EX-5.1 2 acor-ex51_33.htm EX-5.1 acor-ex51_33.htm

 

 

 

 

EXHIBIT 5.1

 

 

 

 

August 9, 2019

 

Acorda Therapeutics, Inc.

420 Saw Mill River Road

Ardsley, New York 10502

 

Ladies and Gentlemen:

 

We have acted as counsel to Acorda Therapeutics, Inc., a Delaware corporation (the “Company”), in connection with the registration by the Company under the Securities Act of 1933, as amended (the “Act”), of 1,500,000 shares of the Company’s Common Stock, par value $0.001 per share (the “Shares”), issuable under the Acorda Therapeutics, Inc. 2019 Employee Stock Purchase Plan (the “Plan”), pursuant to the registration statement on Form S-8 filed with the Securities and Exchange Commission on the date hereof (such registration statement is referred to herein as the “Registration Statement”).

 

We have reviewed such corporate records, certificates and other documents, and such questions of law, as we have considered necessary or appropriate for the purposes of this opinion.

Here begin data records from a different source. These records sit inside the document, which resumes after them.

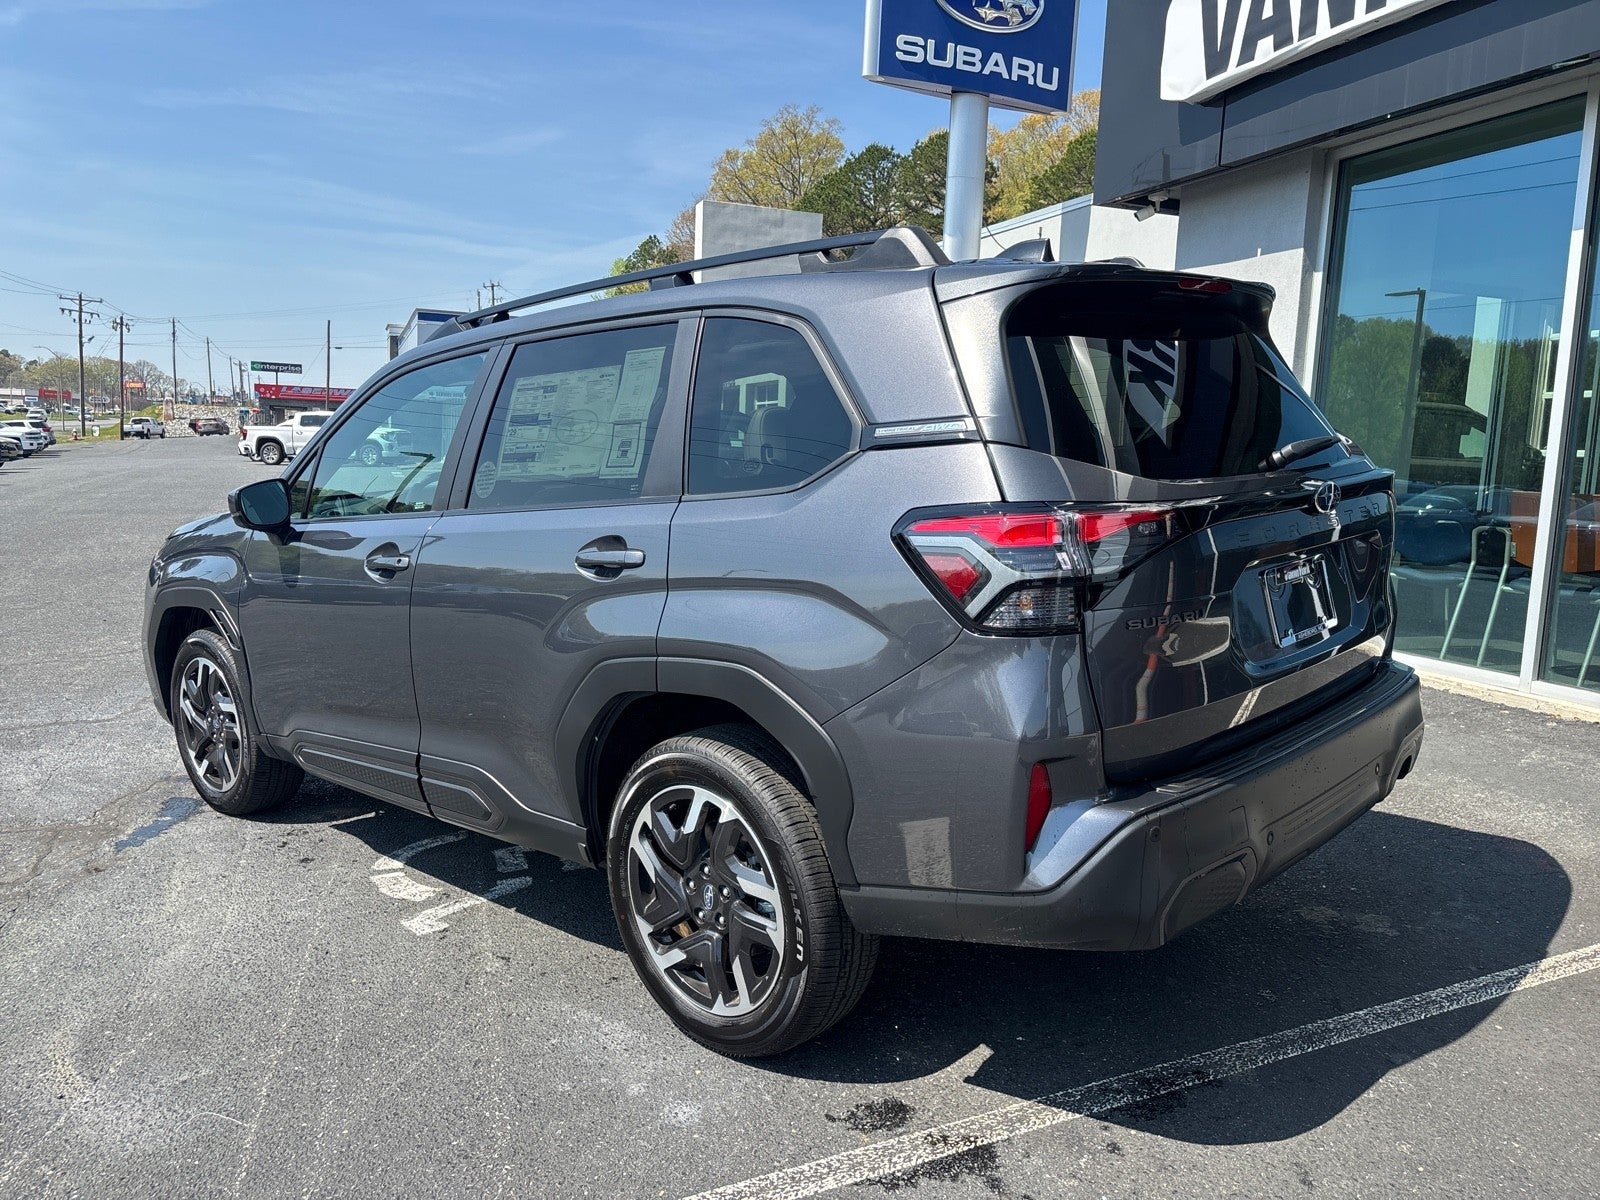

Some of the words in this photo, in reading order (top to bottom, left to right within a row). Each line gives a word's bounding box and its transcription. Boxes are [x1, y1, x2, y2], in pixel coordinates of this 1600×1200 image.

[895, 34, 1059, 91] SUBARU
[253, 363, 302, 372] enterprise
[281, 386, 357, 396] LASERW
[1126, 608, 1206, 630] SUBARU
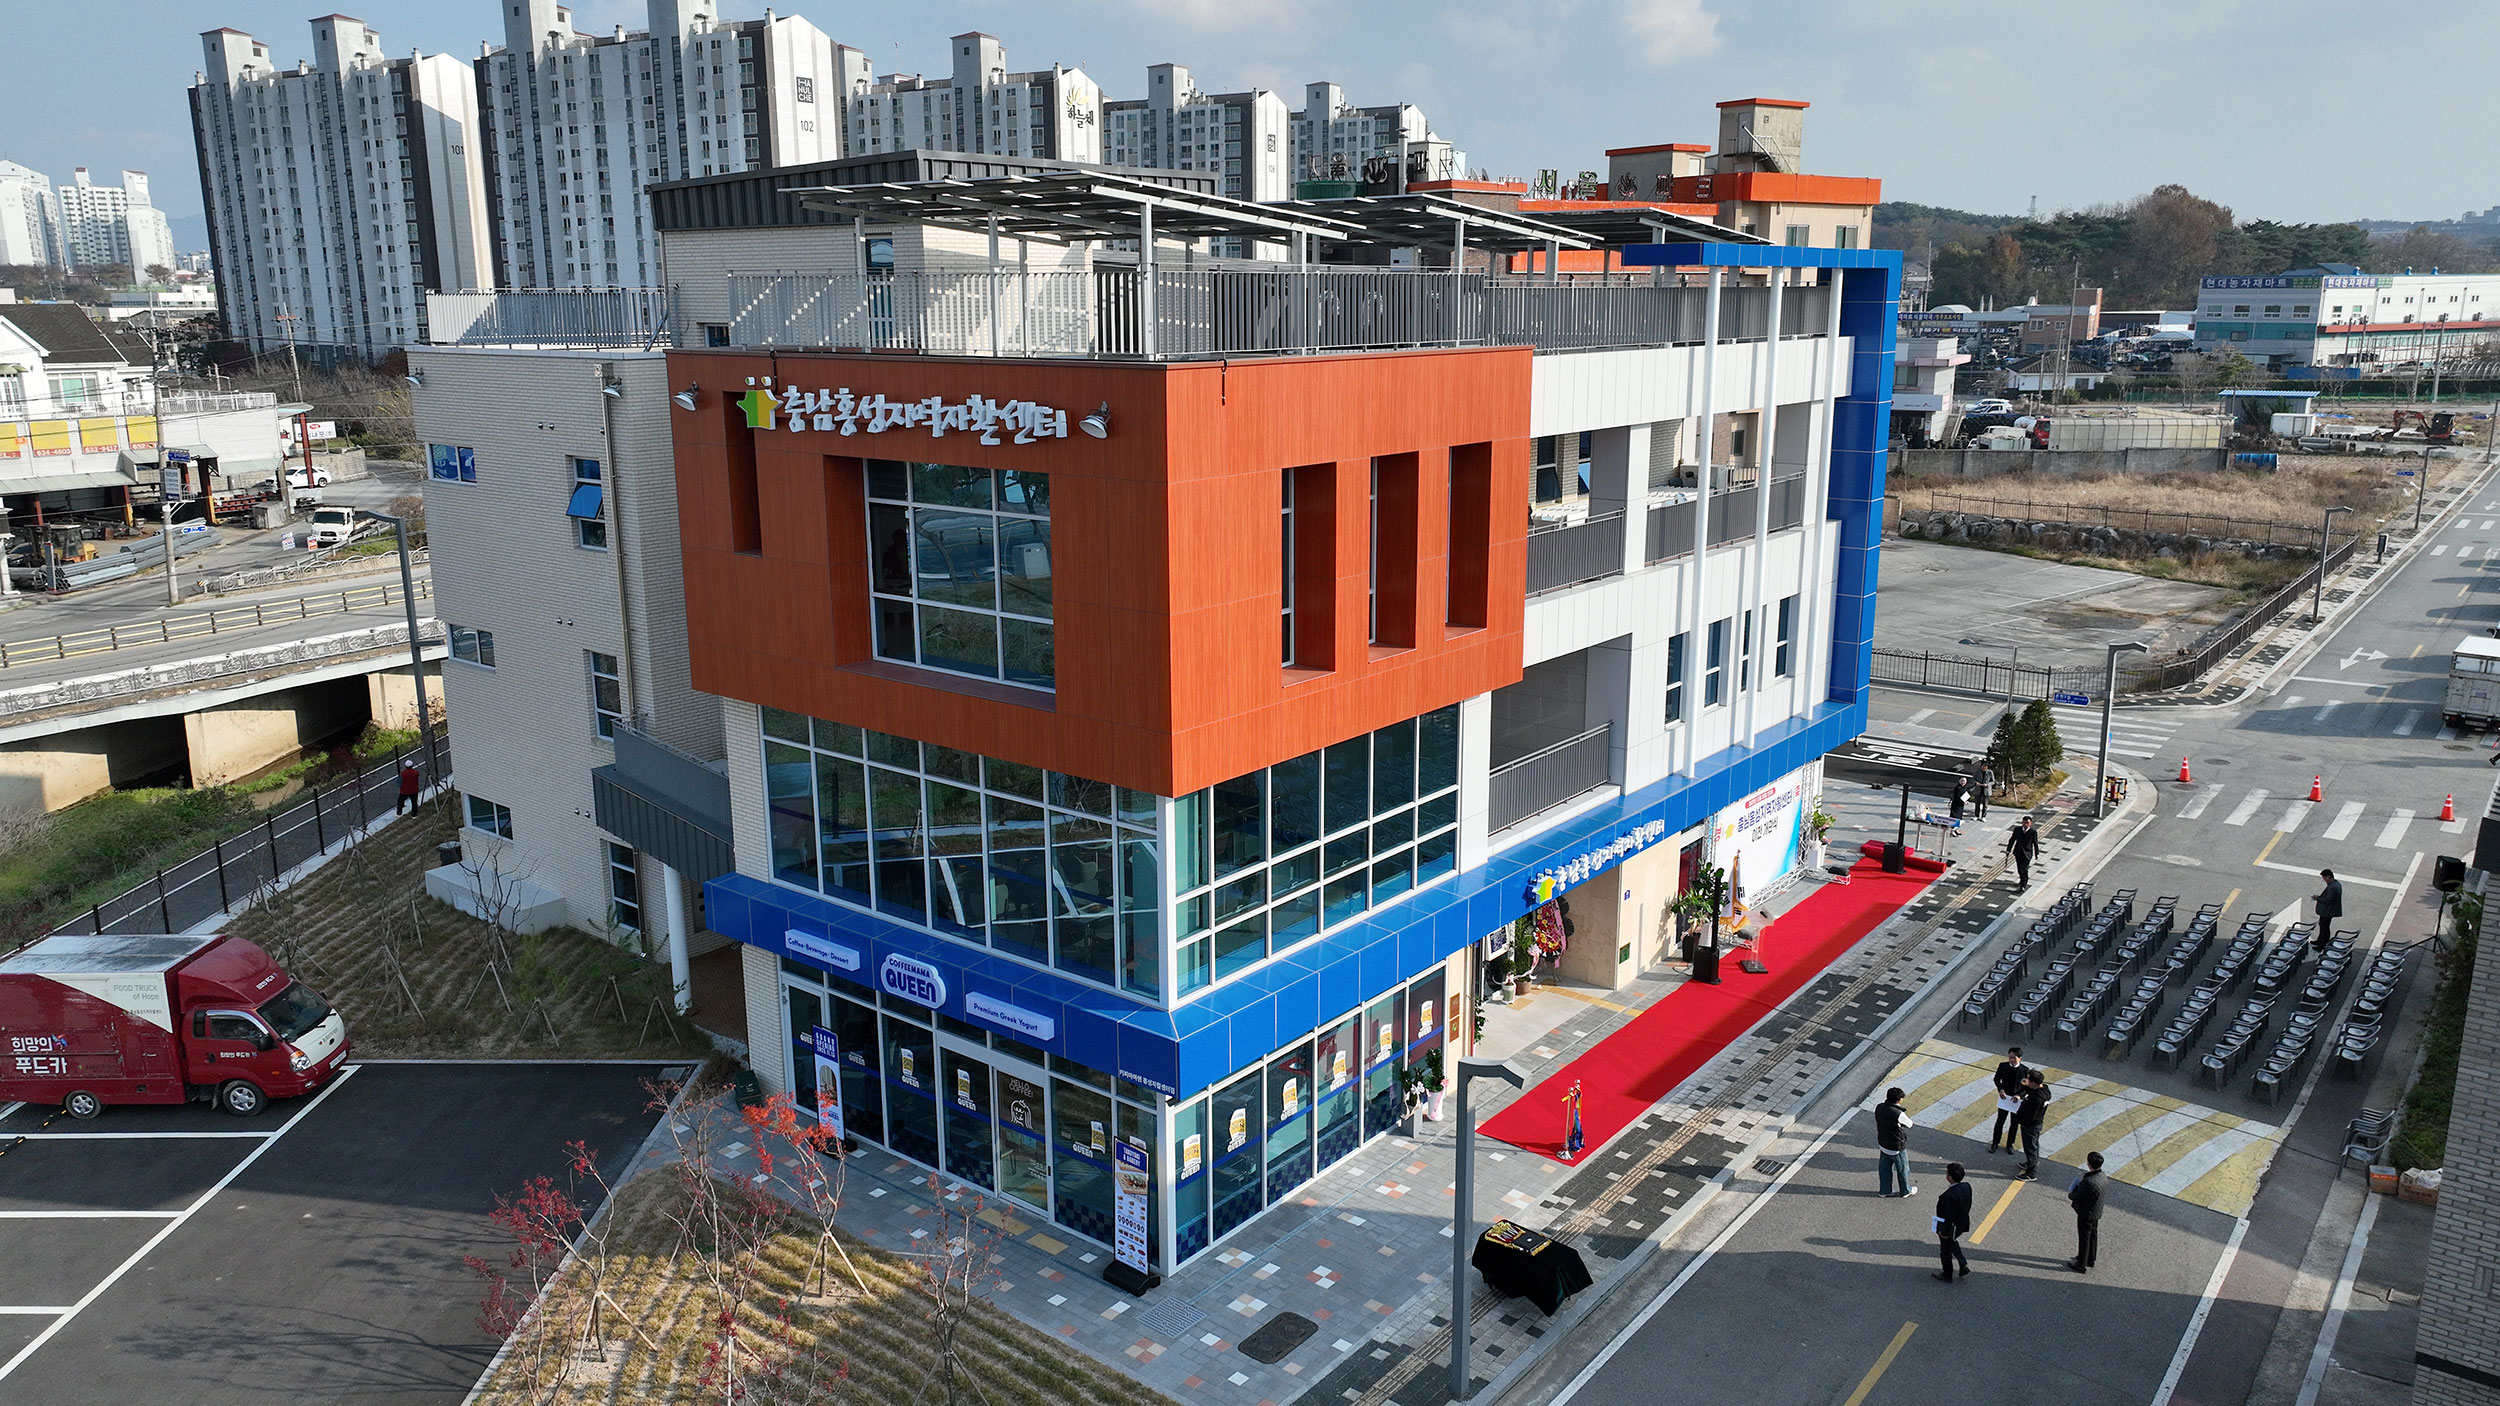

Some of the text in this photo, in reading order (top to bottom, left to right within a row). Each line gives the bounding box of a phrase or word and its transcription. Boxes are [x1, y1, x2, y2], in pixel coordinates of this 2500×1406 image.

[1067, 105, 1094, 128] 하늘채
[800, 120, 814, 132] 102
[451, 145, 464, 155] 101
[2328, 278, 2376, 288] 현대농자재마트
[782, 385, 1067, 445] 충남홍성지역자활센터
[1554, 819, 1664, 891] 충남홍성지역자활센터
[113, 984, 158, 992] FOOD TRUCK
[886, 968, 936, 1003] QUEEN
[141, 993, 160, 1001] Hope
[973, 1002, 1038, 1031] Premium Greek Yogurt
[11, 1036, 53, 1052] 희망의
[15, 1056, 68, 1074] 푸드카
[1072, 1143, 1094, 1158] QUEEN

We have assumed that all signatures are genuine, that all documents submitted to us as originals are authentic and that all copies of documents submitted to us conform to the originals.

 

We have relied as to certain matters on information obtained from public officials, officers of the Company and other sources believed by us to be responsible.

 

Based upon the foregoing, we are of the opinion that the Shares have been duly authorized and, when issued and paid for in accordance with the terms of the Company’s Certificate of Incorporation, the Plan and any individual agreements relating to such Shares, will be validly issued, fully paid and nonassessable.

 

We are members of the bar of the State of New York. We do not express any opinion herein on any laws other than the General Corporation Law of the State of Delaware and applicable provisions of the Delaware Constitution and reported judicial decisions interpreting these laws.

 

We hereby consent to the filing of this opinion as Exhibit 5.1 to the Registration Statement. In giving such consent, we do not thereby admit that we are in the category of persons whose consent is required under Section 7 of the Act.